**Exercise details**. The data should be printed again, exactly.
Segment Open
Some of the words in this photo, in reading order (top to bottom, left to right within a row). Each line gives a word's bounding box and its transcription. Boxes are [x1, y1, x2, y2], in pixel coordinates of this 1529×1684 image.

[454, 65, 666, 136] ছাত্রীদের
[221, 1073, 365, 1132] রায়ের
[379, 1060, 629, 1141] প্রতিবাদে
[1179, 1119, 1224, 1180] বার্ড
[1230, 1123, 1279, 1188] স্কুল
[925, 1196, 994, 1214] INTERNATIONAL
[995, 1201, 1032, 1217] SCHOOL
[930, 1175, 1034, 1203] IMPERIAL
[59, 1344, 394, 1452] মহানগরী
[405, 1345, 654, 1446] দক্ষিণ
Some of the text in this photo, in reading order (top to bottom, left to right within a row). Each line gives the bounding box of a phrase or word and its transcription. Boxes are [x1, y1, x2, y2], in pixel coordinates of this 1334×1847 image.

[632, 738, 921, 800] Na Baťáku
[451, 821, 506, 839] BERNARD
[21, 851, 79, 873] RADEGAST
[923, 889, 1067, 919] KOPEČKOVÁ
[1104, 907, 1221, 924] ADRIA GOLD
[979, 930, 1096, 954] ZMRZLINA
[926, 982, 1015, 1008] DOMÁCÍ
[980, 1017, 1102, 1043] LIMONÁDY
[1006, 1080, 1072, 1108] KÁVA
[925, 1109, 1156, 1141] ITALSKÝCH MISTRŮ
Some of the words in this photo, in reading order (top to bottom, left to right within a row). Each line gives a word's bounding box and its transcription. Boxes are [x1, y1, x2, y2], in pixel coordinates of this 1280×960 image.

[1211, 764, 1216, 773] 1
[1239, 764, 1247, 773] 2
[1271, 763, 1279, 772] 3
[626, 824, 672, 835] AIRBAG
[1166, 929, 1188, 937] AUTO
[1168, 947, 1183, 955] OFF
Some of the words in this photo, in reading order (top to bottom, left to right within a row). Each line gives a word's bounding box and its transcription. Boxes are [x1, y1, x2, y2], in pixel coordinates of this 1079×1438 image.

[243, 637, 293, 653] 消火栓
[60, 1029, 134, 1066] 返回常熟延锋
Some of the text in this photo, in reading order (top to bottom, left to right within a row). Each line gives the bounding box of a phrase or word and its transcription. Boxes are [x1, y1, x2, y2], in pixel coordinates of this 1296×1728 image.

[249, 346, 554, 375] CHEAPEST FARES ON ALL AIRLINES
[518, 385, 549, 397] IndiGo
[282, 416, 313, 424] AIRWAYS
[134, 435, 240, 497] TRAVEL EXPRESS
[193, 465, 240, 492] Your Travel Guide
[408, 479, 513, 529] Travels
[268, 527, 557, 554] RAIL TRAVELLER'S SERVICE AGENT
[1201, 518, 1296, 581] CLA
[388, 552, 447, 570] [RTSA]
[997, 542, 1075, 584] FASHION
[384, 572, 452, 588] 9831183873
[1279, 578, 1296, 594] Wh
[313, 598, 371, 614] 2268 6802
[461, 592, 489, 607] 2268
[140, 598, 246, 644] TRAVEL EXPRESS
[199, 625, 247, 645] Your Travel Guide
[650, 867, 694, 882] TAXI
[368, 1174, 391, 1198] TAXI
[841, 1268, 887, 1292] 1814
Segment Closed
**Output of the exercise**.
Some of the words in this photo, in reading order (top to bottom, left to right within a row). Each line gives a word's bounding box and its transcription. Boxes are [x1, y1, x2, y2], in pixel coordinates of this 1529×1684 image.

[454, 65, 666, 136] ছাত্রীদের
[221, 1073, 365, 1132] রায়ের
[379, 1060, 629, 1141] প্রতিবাদে
[1179, 1119, 1224, 1180] বার্ড
[1230, 1123, 1279, 1188] স্কুল
[925, 1196, 994, 1214] INTERNATIONAL
[995, 1201, 1032, 1217] SCHOOL
[930, 1175, 1034, 1203] IMPERIAL
[59, 1344, 394, 1452] মহানগরী
[405, 1345, 654, 1446] দক্ষিণ
Some of the text in this photo, in reading order (top to bottom, left to right within a row). Each line gives the bounding box of a phrase or word and its transcription. Boxes are [x1, y1, x2, y2], in pixel coordinates of this 1334×1847 image.

[632, 738, 921, 800] Na Baťáku
[451, 821, 506, 839] BERNARD
[21, 851, 79, 873] RADEGAST
[923, 889, 1067, 919] KOPEČKOVÁ
[1104, 907, 1221, 924] ADRIA GOLD
[979, 930, 1096, 954] ZMRZLINA
[926, 982, 1015, 1008] DOMÁCÍ
[980, 1017, 1102, 1043] LIMONÁDY
[1006, 1080, 1072, 1108] KÁVA
[925, 1109, 1156, 1141] ITALSKÝCH MISTRŮ
Some of the words in this photo, in reading order (top to bottom, left to right within a row). Each line gives a word's bounding box and its transcription. Boxes are [x1, y1, x2, y2], in pixel coordinates of this 1280×960 image.

[1211, 764, 1216, 773] 1
[1239, 764, 1247, 773] 2
[1271, 763, 1279, 772] 3
[626, 824, 672, 835] AIRBAG
[1166, 929, 1188, 937] AUTO
[1168, 947, 1183, 955] OFF
Some of the words in this photo, in reading order (top to bottom, left to right within a row). Each line gives a word's bounding box and its transcription. Boxes are [x1, y1, x2, y2], in pixel coordinates of this 1079×1438 image.

[243, 637, 293, 653] 消火栓
[60, 1029, 134, 1066] 返回常熟延锋
Some of the text in this photo, in reading order (top to bottom, left to right within a row). Each line gives the bounding box of a phrase or word and its transcription. Boxes are [x1, y1, x2, y2], in pixel coordinates of this 1296×1728 image.

[249, 346, 554, 375] CHEAPEST FARES ON ALL AIRLINES
[518, 385, 549, 397] IndiGo
[282, 416, 313, 424] AIRWAYS
[134, 435, 240, 497] TRAVEL EXPRESS
[193, 465, 240, 492] Your Travel Guide
[408, 479, 513, 529] Travels
[268, 527, 557, 554] RAIL TRAVELLER'S SERVICE AGENT
[1201, 518, 1296, 581] CLA
[388, 552, 447, 570] [RTSA]
[997, 542, 1075, 584] FASHION
[384, 572, 452, 588] 9831183873
[1279, 578, 1296, 594] Wh
[313, 598, 371, 614] 2268 6802
[461, 592, 489, 607] 2268
[140, 598, 246, 644] TRAVEL EXPRESS
[199, 625, 247, 645] Your Travel Guide
[650, 867, 694, 882] TAXI
[368, 1174, 391, 1198] TAXI
[841, 1268, 887, 1292] 1814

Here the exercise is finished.